In a little over a year Douglas Coupland is going to publish Generation X: Tales for an Accelerated Culture, giving a generation a name they did not ask for and which they do not want.

In a couple years Cameron Crowe will come out with the film Singles, which looks at the Seattle grunge scene.

Louis Black has recently co-founded South By Southwest in Austin, Texas.

Austin, Texas.

An American mid-sized town with a university.  Smart people in coffee shops.  People with low-paying jobs, or no jobs, who read books and play in bands.  Or write books and listen to bands.  Or both.

Richard Linklater lives in Austin.  He has grown up around here.  Dreamed of playing football here.  Dreamed of being a novelist here.  Now he is going to make movies.

Slacker is technically his second film.  His first was the 8mm It's Impossible to Learn to Plow by Reading Books (1989).

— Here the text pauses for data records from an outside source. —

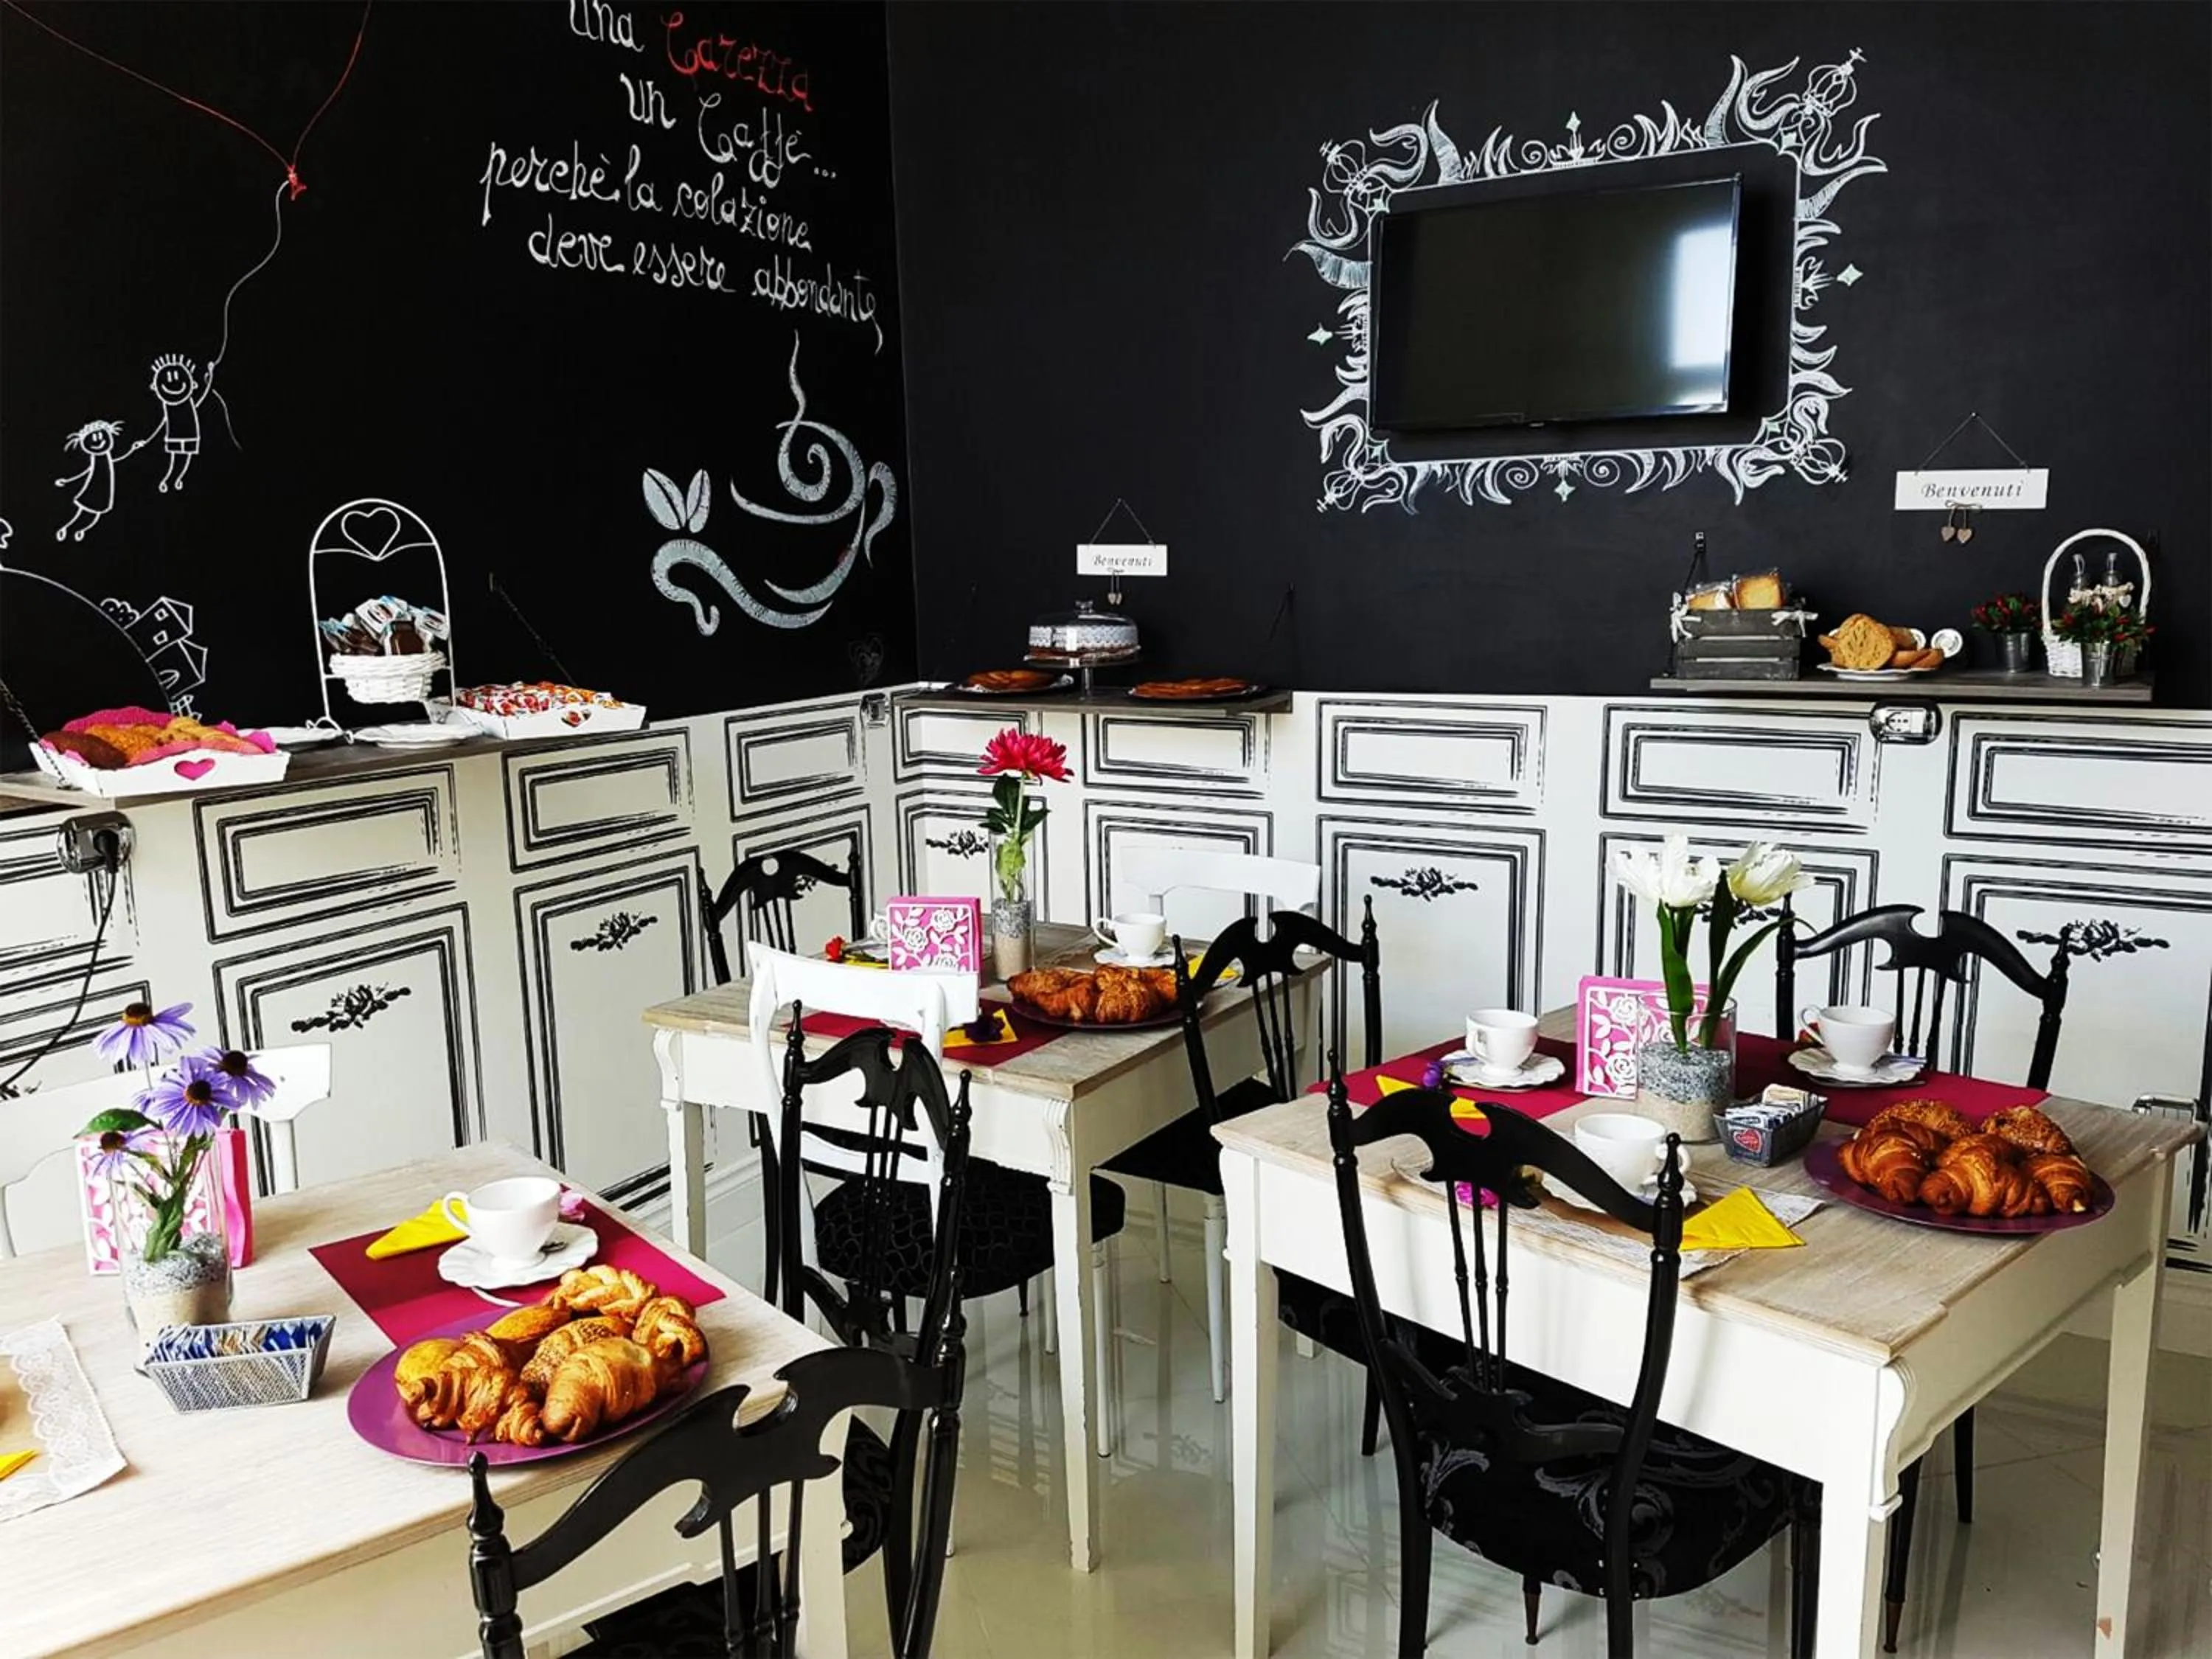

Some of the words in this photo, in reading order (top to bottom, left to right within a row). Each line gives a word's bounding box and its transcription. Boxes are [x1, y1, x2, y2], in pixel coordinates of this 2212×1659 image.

[479, 139, 621, 227] perchè
[625, 144, 663, 212] la
[672, 171, 813, 254] colazione
[528, 212, 625, 273] deve
[632, 242, 737, 293] essere
[1920, 480, 2025, 499] Benvenuti
[1093, 554, 1152, 568] Benvenuti

Now he is up to 16mm.  He has amassed $23,000 and a small crew.  He asks Austin residents, mostly members of bands and a few academics, to join him.  Swing by if you want.  You can play the role.  If not, we will get a grip to do it.  People swing by on the way to work.  They say some lines on camera and go on about their day.  Louis Black joins them.

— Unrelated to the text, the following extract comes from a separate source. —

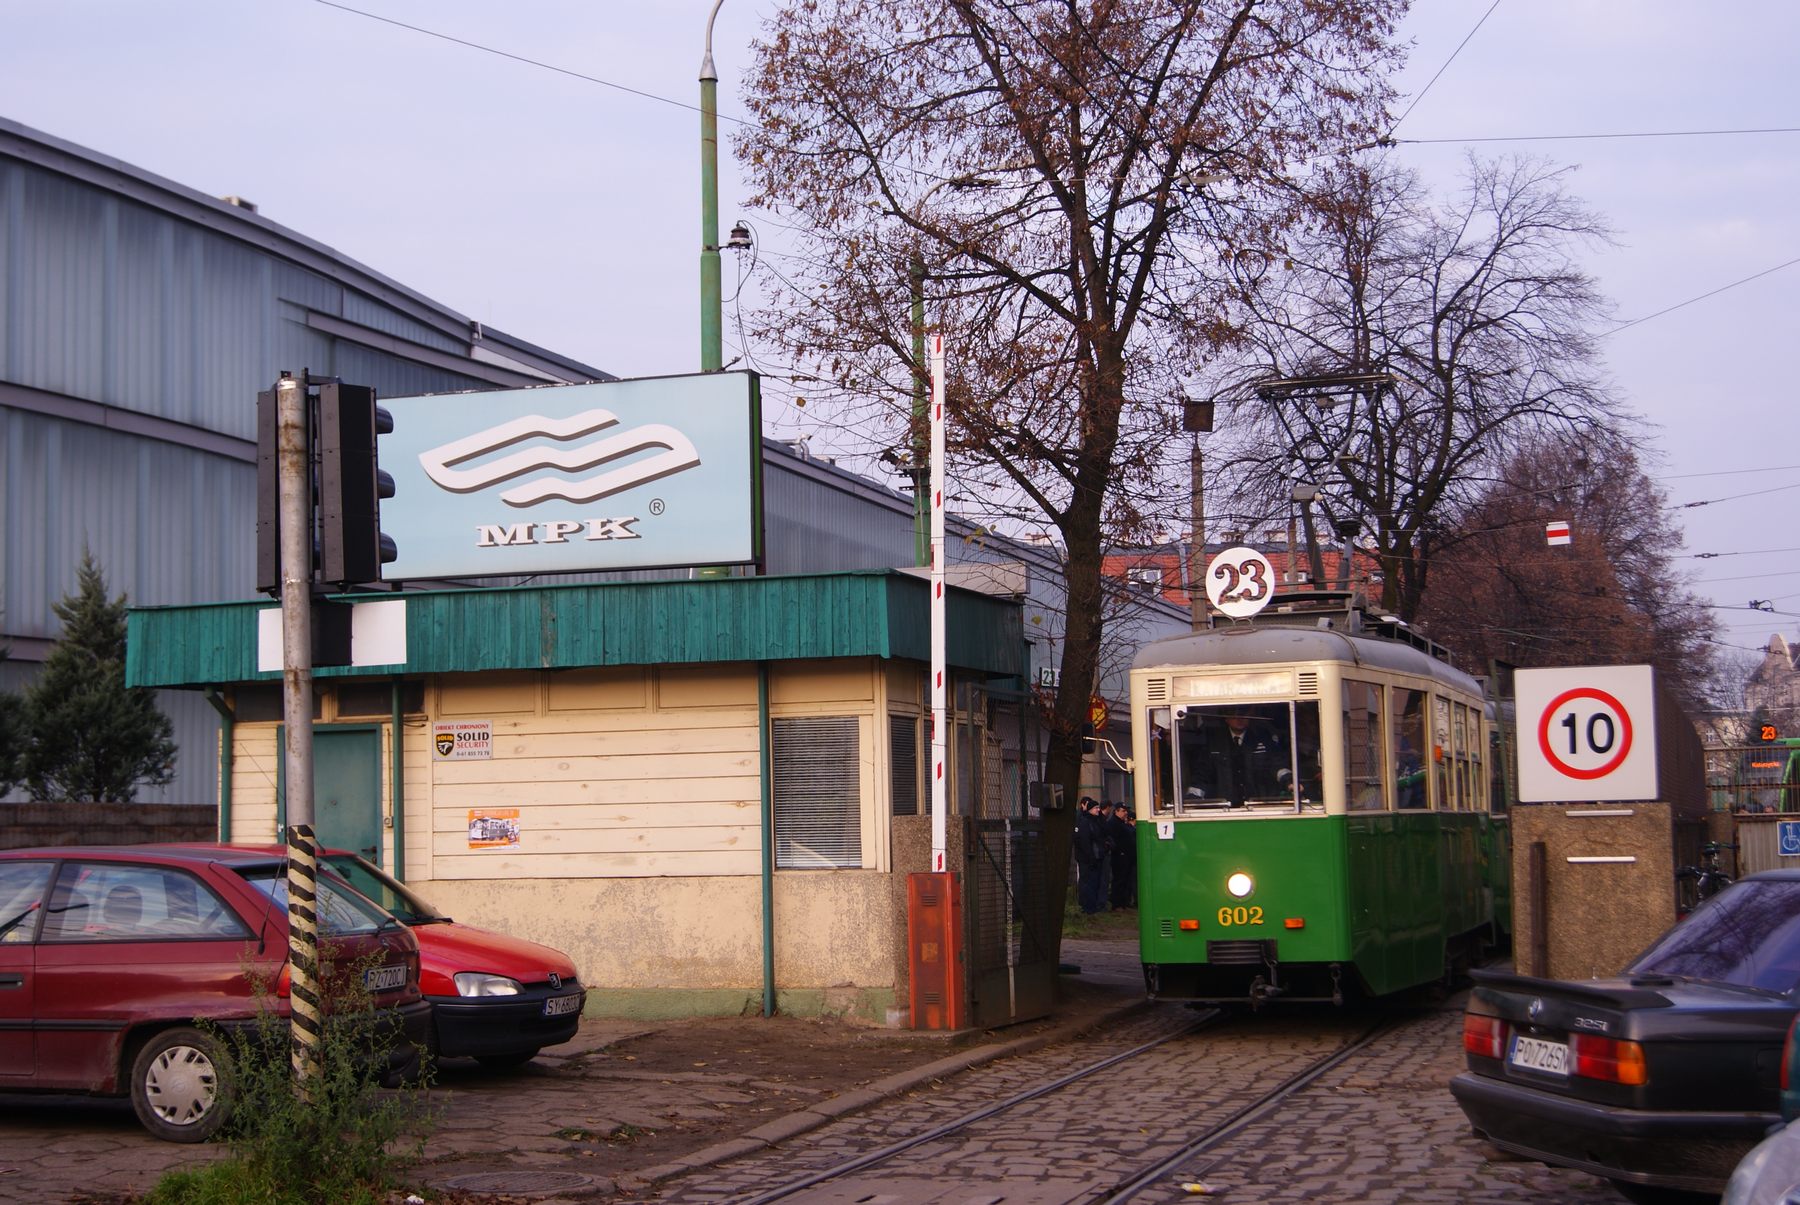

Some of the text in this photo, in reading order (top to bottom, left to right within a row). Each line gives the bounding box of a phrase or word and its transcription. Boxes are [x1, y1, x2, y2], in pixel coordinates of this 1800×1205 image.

The finished product looks like an amateur film.

At the 25:18 mark the boom mic dips into the frame.  This may be the only Criterion movie with a boom mic in the frame.

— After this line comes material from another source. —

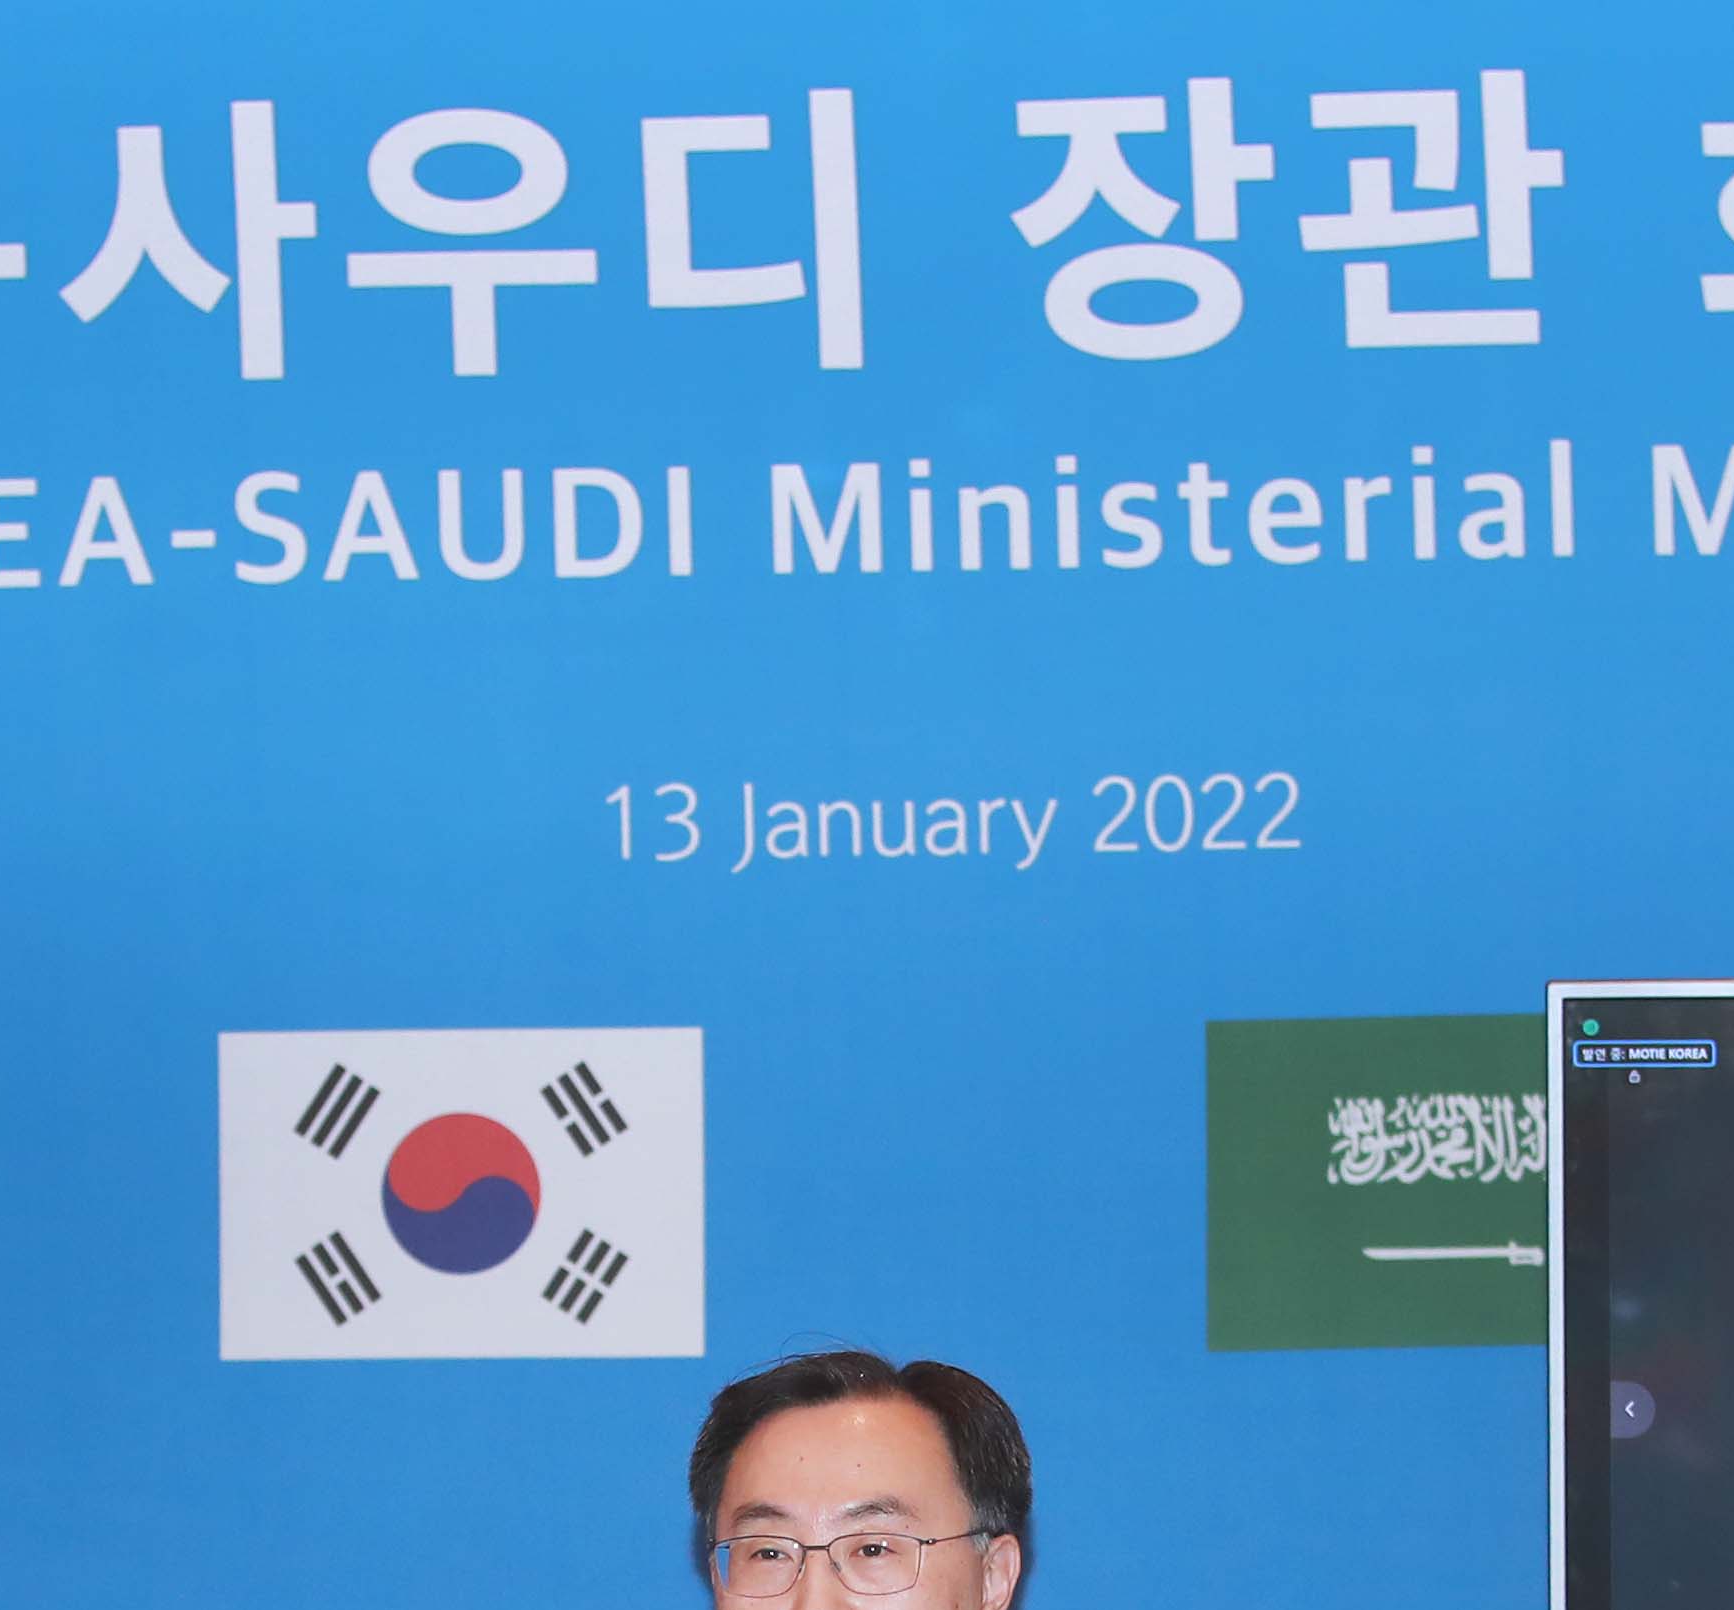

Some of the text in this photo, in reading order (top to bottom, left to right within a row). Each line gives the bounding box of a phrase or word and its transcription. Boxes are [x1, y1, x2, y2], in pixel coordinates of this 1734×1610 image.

The sound has problems.  You can hear when the voices shift from live to ADR (recorded in a studio) and back, and you can hear the changes in ambient sound (room tone).

The non-actors used in the film often do not fit their casting and are prone to give unconvincing performances. 

The lighting is whatever is available--the sun or lights in the room.  People's faces are splotchy and blotchy with light and shadow.

It violates many of the rules required to get a film accepted into a film festival.

And yet . . .

It made it into Sundance.

And was nominated for the Grand Jury Prize - Dramatic.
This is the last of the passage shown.